Data to process:

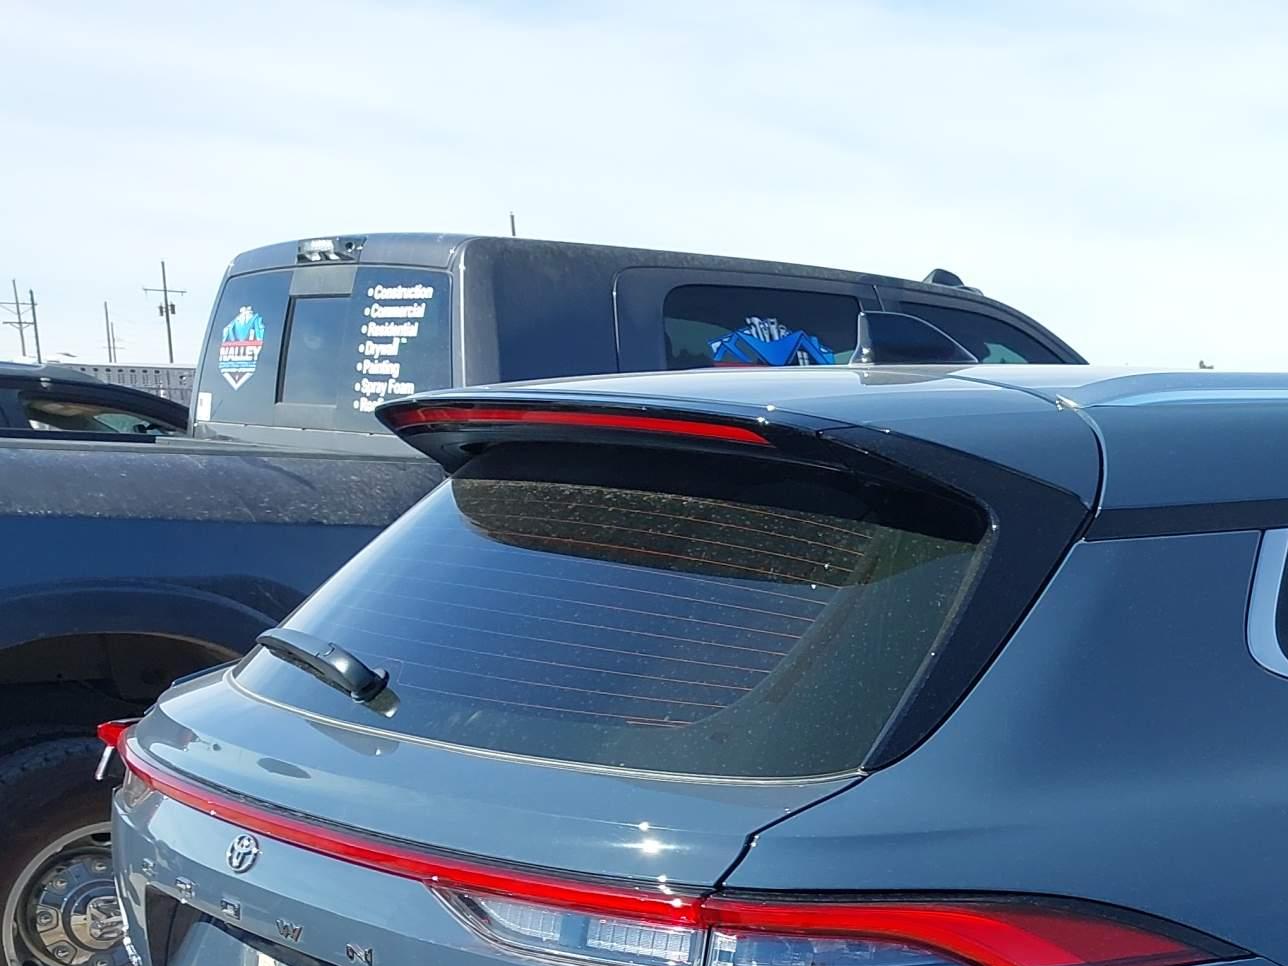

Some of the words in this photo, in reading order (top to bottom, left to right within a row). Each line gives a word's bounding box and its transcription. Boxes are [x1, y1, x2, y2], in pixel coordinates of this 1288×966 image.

[373, 284, 434, 300] Construction
[370, 302, 426, 318] Commercial
[367, 321, 419, 337] Residential
[364, 337, 400, 359] Drywall
[362, 359, 401, 379] Painting
[360, 378, 387, 397] Spray
[387, 378, 415, 395] Foam

Required work:
Leave out the pictures, then copy all the remaining text in the records exactly.

Worked solution:
Some of the words in this photo, in reading order (top to bottom, left to right within a row). Each line gives a word's bounding box and its transcription. Boxes are [x1, y1, x2, y2], in pixel coordinates of this 1288×966 image.

[373, 284, 434, 300] Construction
[370, 302, 426, 318] Commercial
[367, 321, 419, 337] Residential
[364, 337, 400, 359] Drywall
[362, 359, 401, 379] Painting
[360, 378, 387, 397] Spray
[387, 378, 415, 395] Foam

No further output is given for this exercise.